Tra i parassiti esterni più comuni ci sono pulci e zecche che succhiano il sangue e trasmettono malattie.

Meno noti sono invece i parassiti interni che si muovono nel circolo sanguigno o vivono all’interno di un organo spesso senza sintomi apparenti. Questi costituiscono un rischio potenziale anche per l’uomo. Per proteggere il nostro gatto da tali parassitosi, soprattutto se in casa ci sono bambini, è di fondamentale importanza l’utilizzo costante, durante tutto l’arco dell’anno, di un farmaco specifico. Per maggiori informazioni chiedere sempre al veterinario di fiducia. I parassiti interni sono:
– gli ascaridi sono i parassiti più comuni e colpiscono ben oltre il 35% dei gatti. Anche l’uomo può essere interessato e andare incontro a gravi problemi di salute;
– gli anchilostomi colpiscono il 30% degli animali domestici, vivono nelle pareti intestinali del gatto e si nutrono di sangue;
– i vermi polmonari rappresentano un rischio in aumento per quanto concerne i gatti in Europa;
– le tenie possono essere trasmesse dalle pulci, sono causa di disturbi dell’appetito e irritazione dell’area intorno all’ano.
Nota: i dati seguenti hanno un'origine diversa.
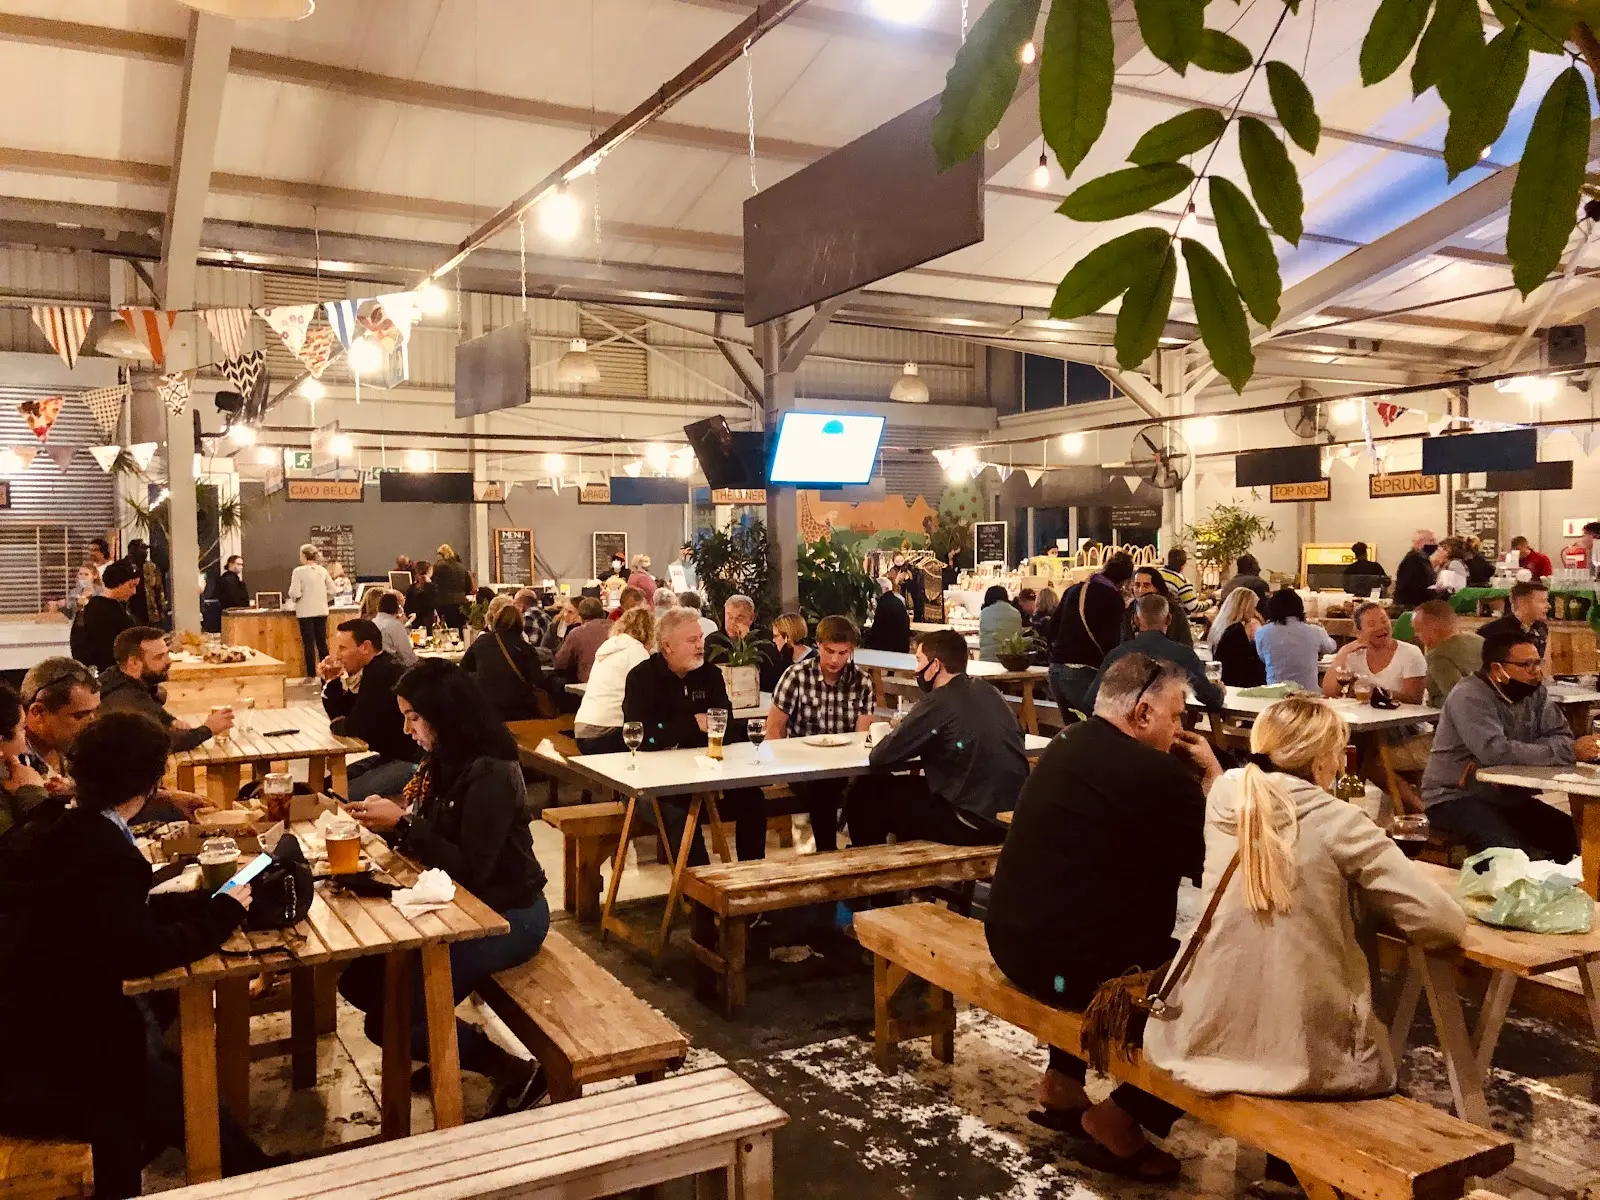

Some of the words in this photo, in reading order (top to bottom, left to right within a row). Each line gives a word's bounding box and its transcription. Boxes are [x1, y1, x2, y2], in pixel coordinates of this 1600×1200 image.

[1373, 476, 1435, 493] SPRUNG
[290, 485, 320, 495] CIAO
[322, 486, 359, 496] BELLA
[714, 490, 733, 501] THE
[735, 490, 765, 501] DNER
[1274, 486, 1295, 497] TOP
[1296, 484, 1327, 496] NOSH
[502, 531, 525, 539] MENU
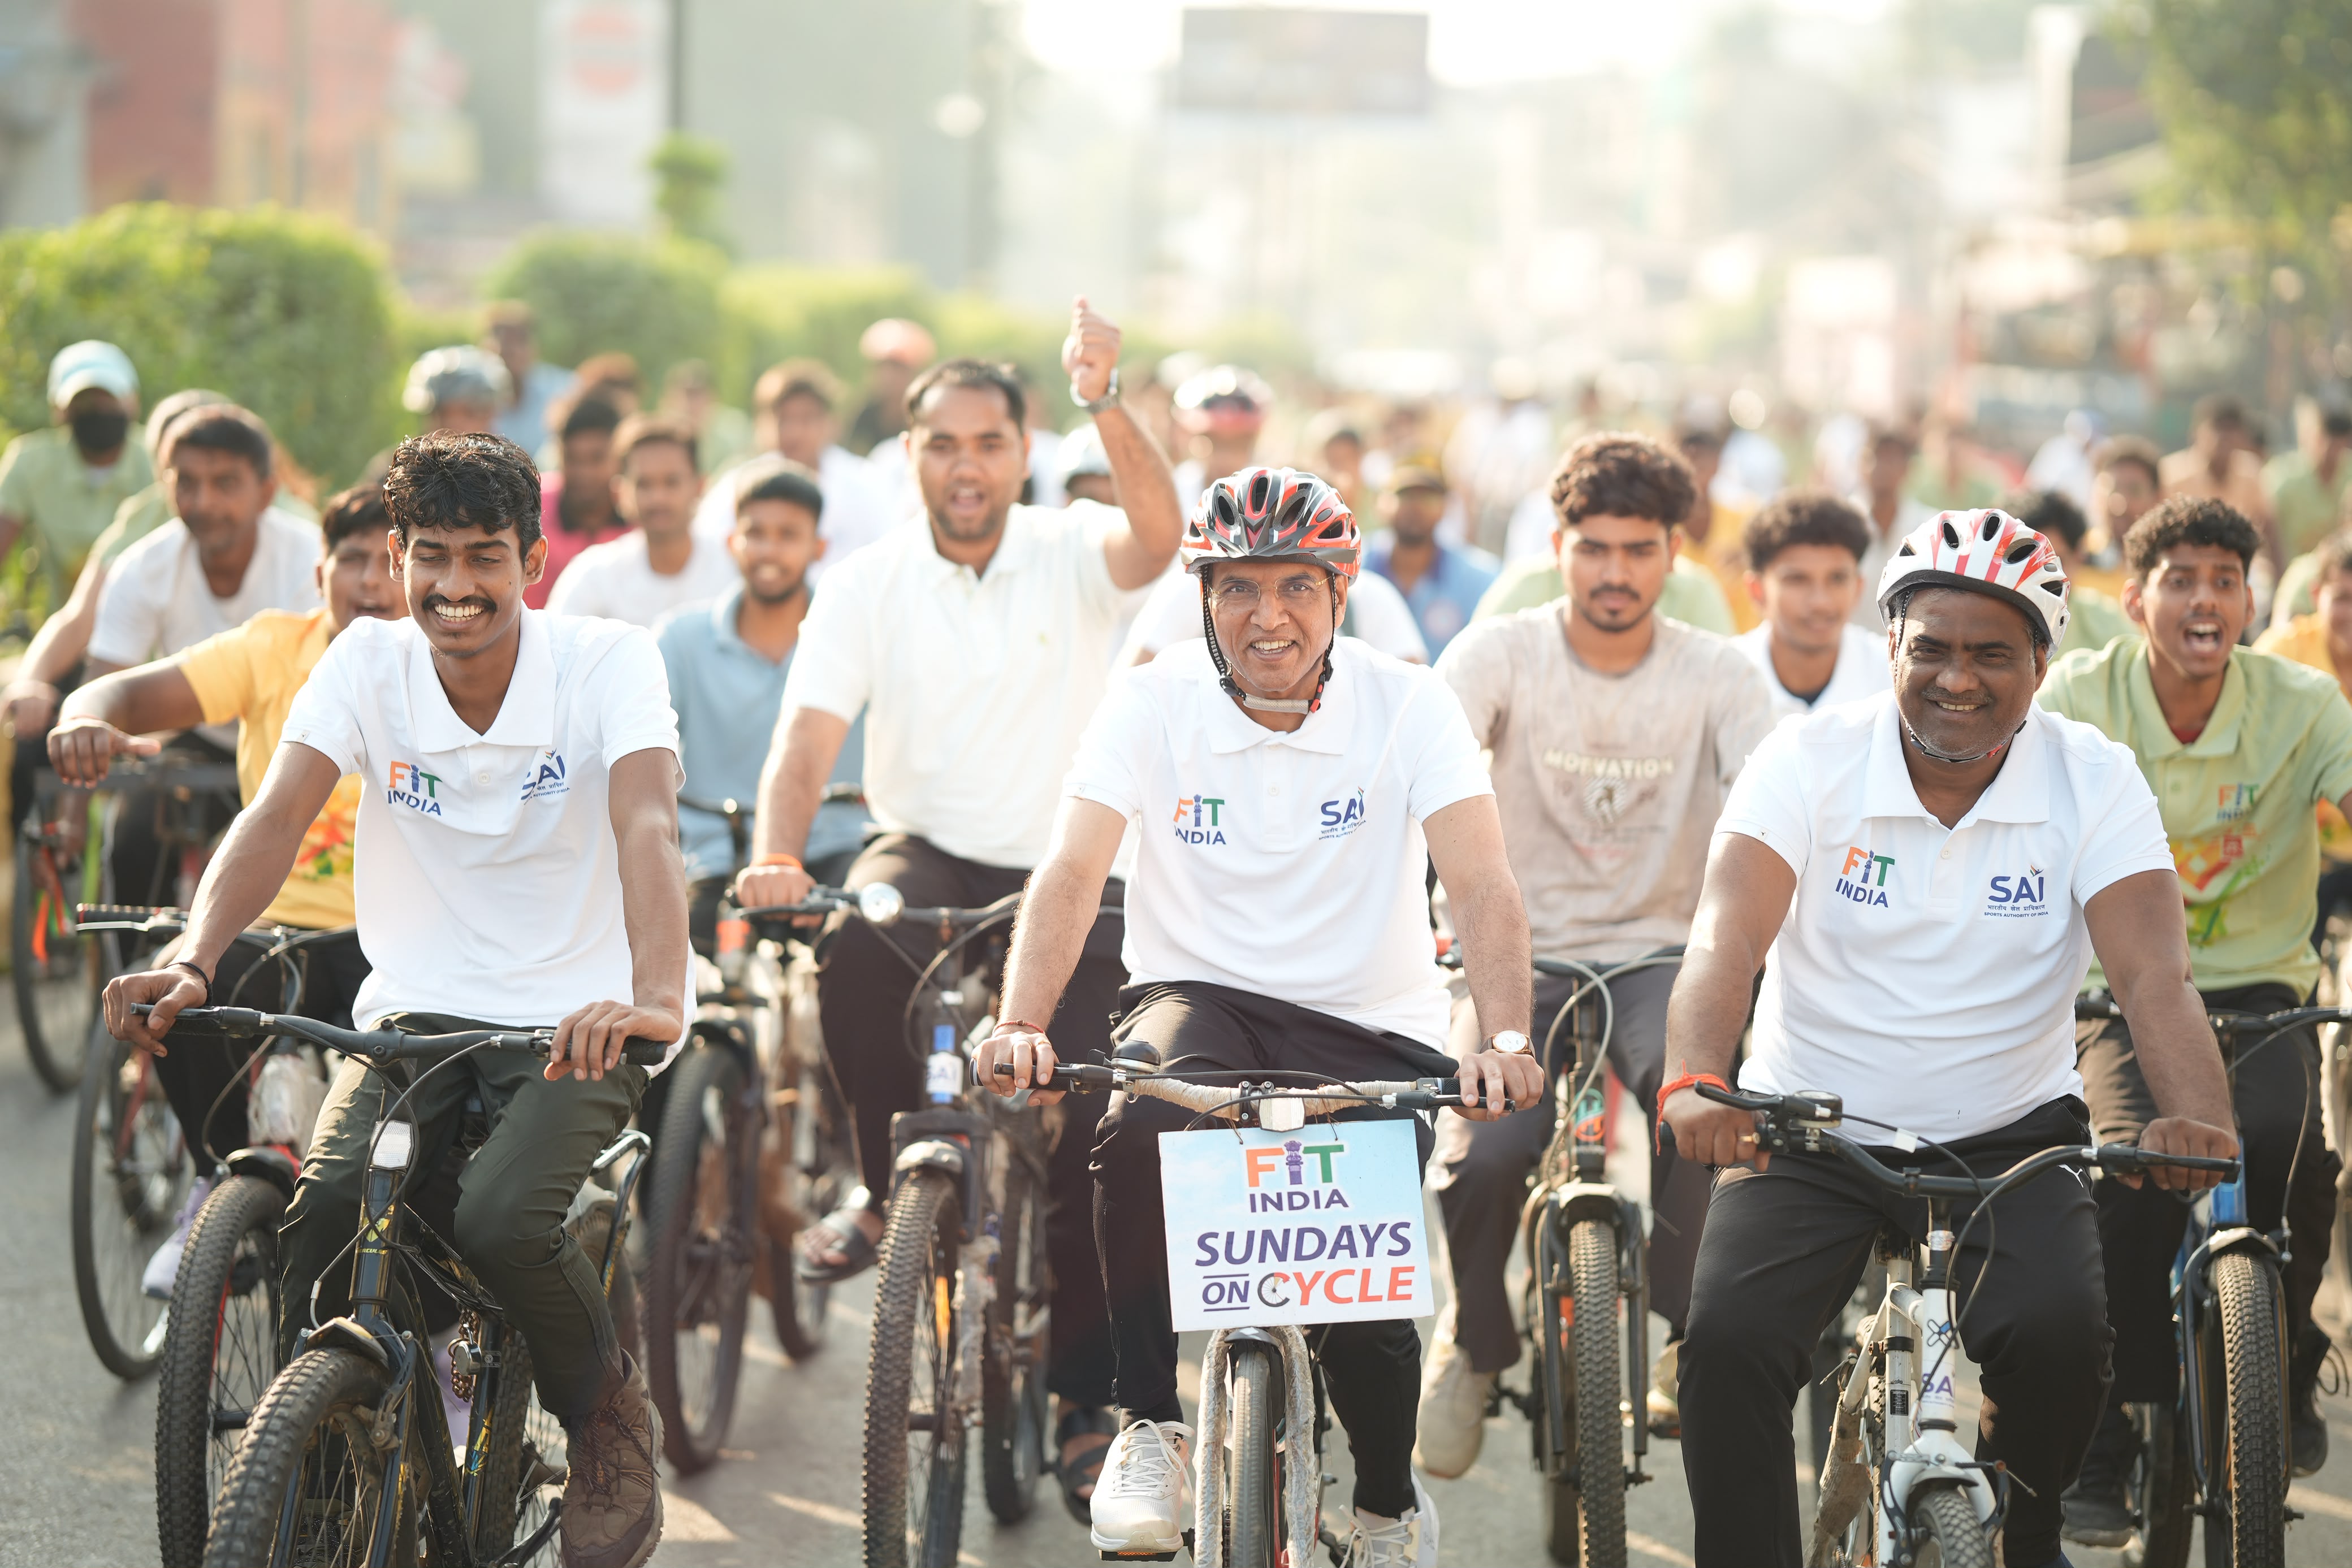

I parassiti esterni, come specificato precedentemente, riguardano:
– le pulci colpiscono 1 gatto su 5 e sono un problema costante tutto l’anno, generano un forte prurito e possono trasmettere tenie e altre malattie. Nell’uomo sono le responsabili della cosiddetta “malattia del graffio”;
– le zecche vivono invece tra la vegetazione e salgono sul pelo degli animali al loro passaggio. A causa dei mutamenti climatici sono sempre in aumento in particolare a primavera e in autunno. Sono assai pericolose perché capaci di trasferire gravi malattie infettive. Anche l’uomo può esserne punto.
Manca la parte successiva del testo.